Parkinson’s disease is the second most common neurological disease in the world following Alzheimer’s, according to the Centers for Disease Control and Prevention (CDC). Parkinson’s afflicts approximately 10 million people worldwide. Previously there has been no way to detect and diagnose Parkinson’s before symptoms appeared. Waiting until symptoms show up lessens the chances of holding off or mitigating the effects of the disease. Dramatic results from a study in Australia may change the Parkinson’s paradigm with an accurate test for early detection.

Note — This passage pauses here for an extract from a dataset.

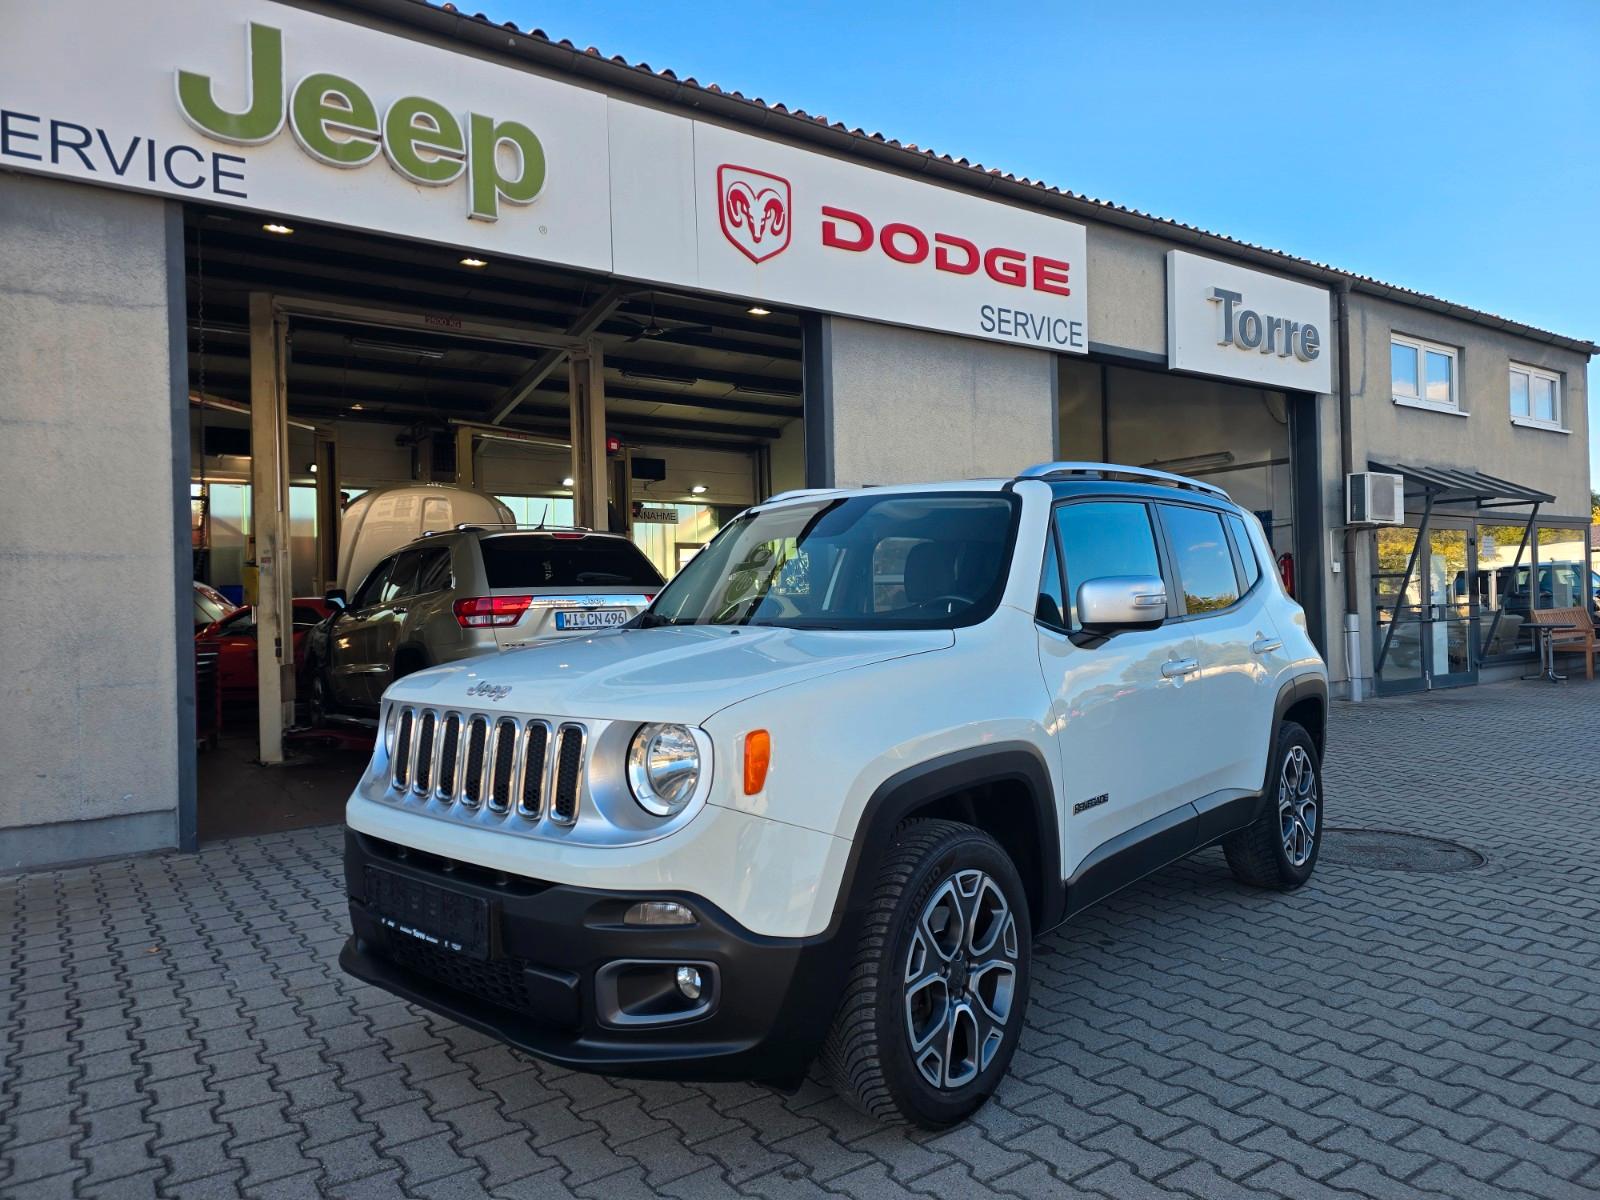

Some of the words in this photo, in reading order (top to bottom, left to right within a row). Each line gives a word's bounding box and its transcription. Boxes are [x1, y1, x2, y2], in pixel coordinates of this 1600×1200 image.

Researchers at RMIT University in Melbourne have developed a test that may have the potential to detect Parkinson’s disease before physical symptoms appear. Medical researchers have long known that Parkinson’s often disrupts patient’s ability to write and draw. In the RMIT study, published in Frontiers in Neurology, 92 participants were asked to complete a drawing of a spiral on a digital drawing tablet, connecting dot-to-dot. Half of the subjects had no Parkinson’s symptoms. The rest of the subjects had mild to severe cases of the disease. A tablet app performed real-time analysis of the sketches to determine whether or not the subjects showed signs of Parkinson’s. In results so dramatic they beg for replicated studies, the spiral sketch test and the mobile app proved to be 93% accurate in reporting disease severity.

Should the RMIT test prove valid and reliable, which would be a wonderful breakthrough, people over a certain age can expect to connect the spiral’s dots at their next annual physical.